Un scénario improbable autour des barrages Ligue 1 pourrait bien redistribuer les cartes pour l’ASSE. La situation de l’OGC Nice, engagé en finale de Coupe de France, pourrait décaler tout le calendrier… et offrir un avantage inattendu aux Verts.

La fin de saison s’annonce brûlante pour l’ASSE. Alors que les Stéphanois jouent leur avenir ce week-end face à Amiens, une donnée extérieure pourrait venir bouleverser leur calendrier : la situation de l’OGC Nice.

Actuellement 15e de Ligue 1, le club azuréen reste sous la menace d’un basculement à la 16e place, synonyme de barrage. Un classement qui aurait des conséquences directes… y compris pour Saint-Étienne. Car Nice disputera la finale de la Coupe de France le 22 mai face à Lens.

Barrages Ligue 1 : un calendrier chamboulé ?

En temps normal, les barrages Ligue 1 se disputent les 21 et 24 mai. Mais ce calendrier ne serait plus tenable si Nice terminait 16e.

Pourquoi ? Parce que les Aiglons doivent affronter Metz le 17 mai en championnat, avant leur finale de Coupe de France cinq jours plus tard. Impossible dans ces conditions de respecter les trois jours de repos réglementaires pour intercaler un barrage aller.

Résultat : la LFP a déjà anticipé ce cas de figure. Si Nice est barragiste, les matchs seraient décalés à la semaine suivante. L’aller pourrait se jouer le 26 mai, et le retour autour du 29 ou 30 mai.

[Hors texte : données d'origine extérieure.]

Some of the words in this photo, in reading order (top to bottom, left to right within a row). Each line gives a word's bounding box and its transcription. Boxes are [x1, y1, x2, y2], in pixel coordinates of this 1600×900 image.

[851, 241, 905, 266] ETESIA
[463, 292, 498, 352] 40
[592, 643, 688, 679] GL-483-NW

Un changement majeur qui impacterait directement le club qui devra disputer ces barrages… potentiellement l’ASSE.

L’ASSE en embuscade dans ce scénario

Côté stéphanois, tout reste à faire. Les hommes de Philippe Montanier doivent d’abord assurer leur fin de saison. Une victoire contre Amiens est indispensable pour profiter d'un eventuel mauvais pas manceau.

Mais en cas de contre-performance ou si Le Mans s’impose, les Verts pourraient être contraints de passer par les barrages pour espérer accéder à la Ligue 1.

Dans ce contexte, un décalage du calendrier pourrait devenir un facteur clé. Plus de récupération, plus de préparation… et peut-être un avantage psychologique non négligeable.

L’exemple du Stade de Reims l’an passé reste dans toutes les têtes. Les Rémois avaient enchaîné barrage aller, finale de Coupe de France et barrage retour en quelques jours… avec une issue fatale à la clé.

Cette fois, la situation serait différente. Nice ne pourrait pas enchaîner de la même manière. Et cela pourrait indirectement servir les intérêts du futur barragiste de Ligue 2.